Hello from Leuven, Belgium! I was so excited when I found out my project proposal had been accepted by the INBT/IRES program, and I can hardly believe we're here with the opportunity to work at IMEC! We've been so busy getting settled and starting work on our projects, but we've had a little time to explore the weekends. We arrived on May 31st, a day early for our June 1st orientation. Ascension, a Belgian national holiday, was observed on June 2nd, and since it fell on a Thursday, the following Friday was also generally not considered a work day. For us, this meant we had time to adjust to the time difference, which was made especially difficult by the long daylight hours here--the sun generally rises around 6:00 am, and it doesn't get dark until 10:00 pm! (We're six hours ahead of Baltimore, and twelve hours ahead of my hometown: Honolulu, Hawaii.)

Fiesta Europa, an organized festival that invites vendors from different European countries to set up an open market style event, happened to be in Leuven that weekend. It was set up in the center of the town at Ladeuzeplein, the large square behind the Katholieke University Library. At night there were pyrotechnic performances, fireworks, and a drum performance! The next day, we stumbled upon Circus & Co. in the park just North of the square just in time to watch some of the acrobatic performances. One of the routines we saw was entirely in Dutch, but humorous nonetheless.
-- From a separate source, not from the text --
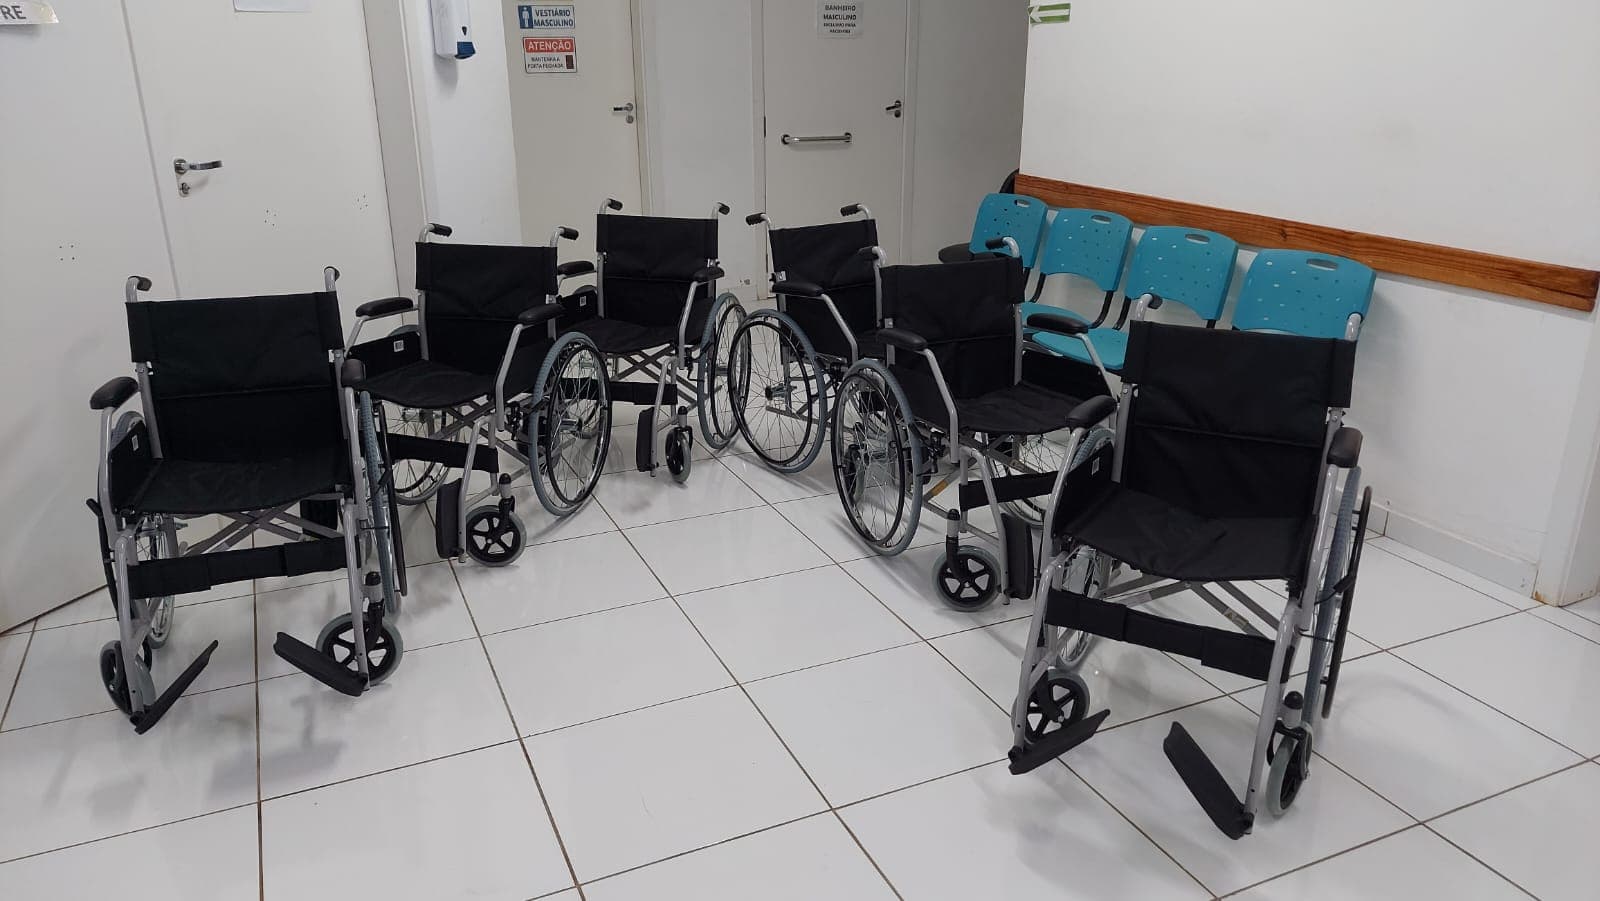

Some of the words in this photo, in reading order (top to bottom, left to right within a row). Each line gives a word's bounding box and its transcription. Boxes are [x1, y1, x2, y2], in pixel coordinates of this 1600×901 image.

[535, 8, 570, 16] VESTIÁRIO
[533, 19, 574, 27] MASCULINO
[528, 40, 571, 51] ATENÇÃO
In general, Leuven is a small city, the center of which is enclosed by a circular highway. Everywhere is reachable by bike, and for many of the large student population here (including ourselves), that's the primary mode of transportation. We bike to work, to go grocery shopping, and pretty much anytime we need to get around. After only two weeks here, I can't imagine not having my lime-green bike, and am very glad my Dad taught me to ride when I was little!

I'm on the JHU Fencing team, and in order to continue training thorughout the summer, I've found a fencing club in Leuven! At open fencing the other day, I learned that streets ending in 'straat' (street) refer to the part of that street that is inside the circular highway, and those ending in 'steenweg' refer to streets outside of the circle. 'Steenweg' comes from 'stone road', refering to roads that were not paved. It's little things like this that make me love Leuven more and more. Language has been an adjustment, but most people in Leuven are bilingual, speaking both Dutch and English, so we haven't encountered many problems. Many of the signs and labels, however, are dutch only, which leads to interesting grocery purchases. We've bought buttermilk and Speculoos, mistaking them for milk and peanut butter respectively. Speculoos is very good gingerbread spread, but a bit surprise if you're not expecting it!
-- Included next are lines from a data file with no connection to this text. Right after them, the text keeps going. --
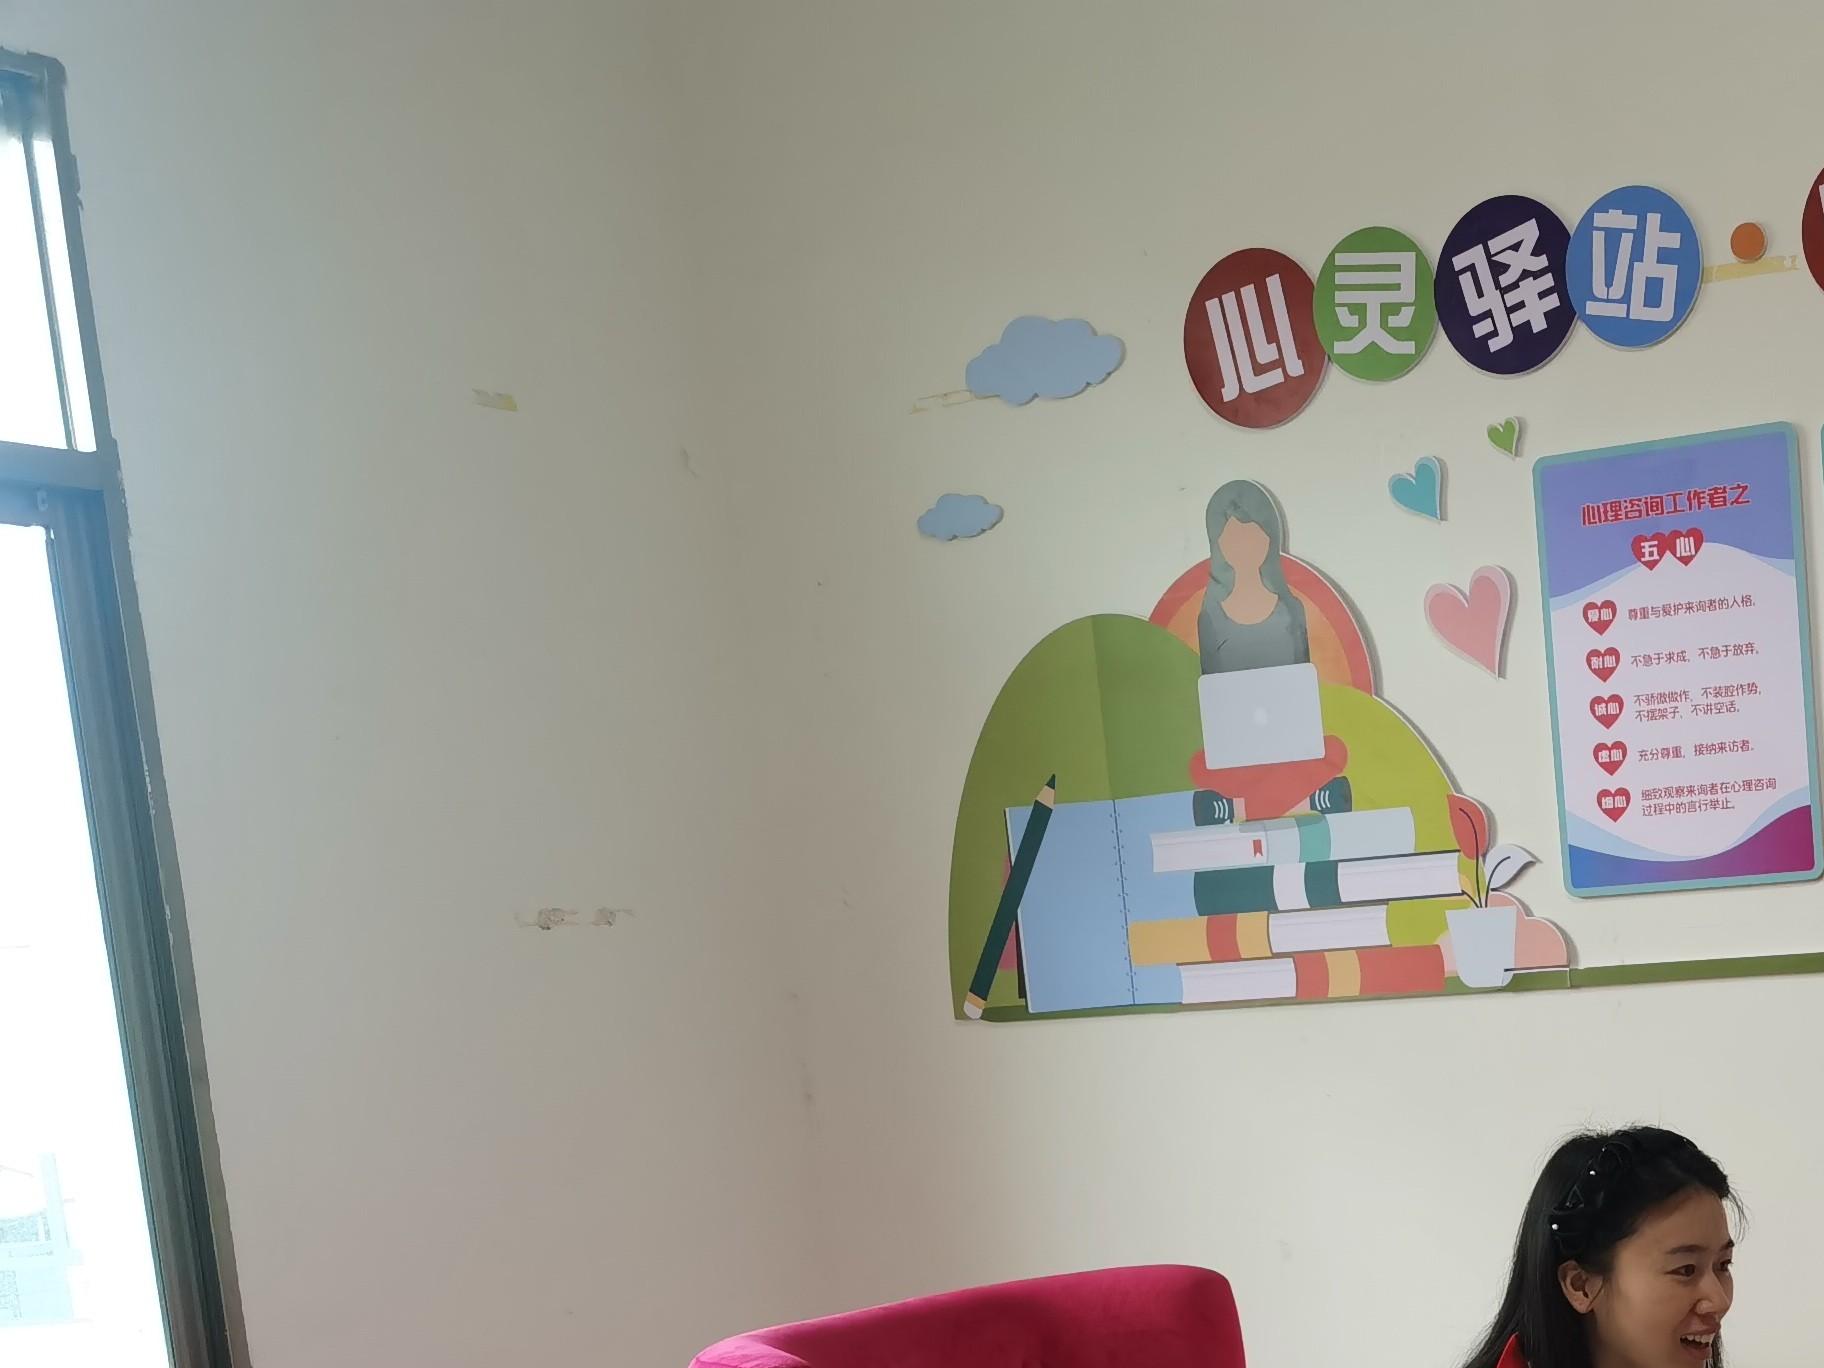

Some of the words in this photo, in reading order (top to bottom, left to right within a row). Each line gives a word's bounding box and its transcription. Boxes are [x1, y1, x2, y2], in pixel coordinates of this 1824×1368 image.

[1206, 210, 1681, 403] 心灵驿站
[1580, 480, 1750, 527] 心理咨询工作者之
[1640, 535, 1694, 562] 五心
[1590, 654, 1615, 669] 耐心
[1594, 701, 1619, 716] 诚心
[1601, 795, 1626, 809] 细心
Orientation consisted of a tour of the four buildings, as well as basic safety training. The exterior of IMEC is very pretty in summer. Sheltered by glass coverings, the open walkways connecting the buildings are flanked by greenery on either side. The inside of the IMEC facilities is nothing short of impressive. We work mainly at IMEC One, which houses offices, labs, and the research clean room. To get to lab every morning after stopping at our desks, we walk through the support floor of the clean room--an overwhelming labyrinth of pipes, valves, and gauges to supply the various manufacturing machines housed above.

The clean rooms are amazing: giant ballrooms filled with researchers quietly preparing silicon wafers for patterning amongst machines the size of an average bedroom. Protective, light plastic clothing, rubber shoe coverings, and eye protection is de riguer as they perform precisely choreographed protocols. One clean room is a Class 1 (One particle per cubic meter) while another more recently set up clean room is rated Class 1000. However, this is because the equipment is nearly completely automatic, and does not require the wafers to be exposed to the clean room environment while being transferred into the machine.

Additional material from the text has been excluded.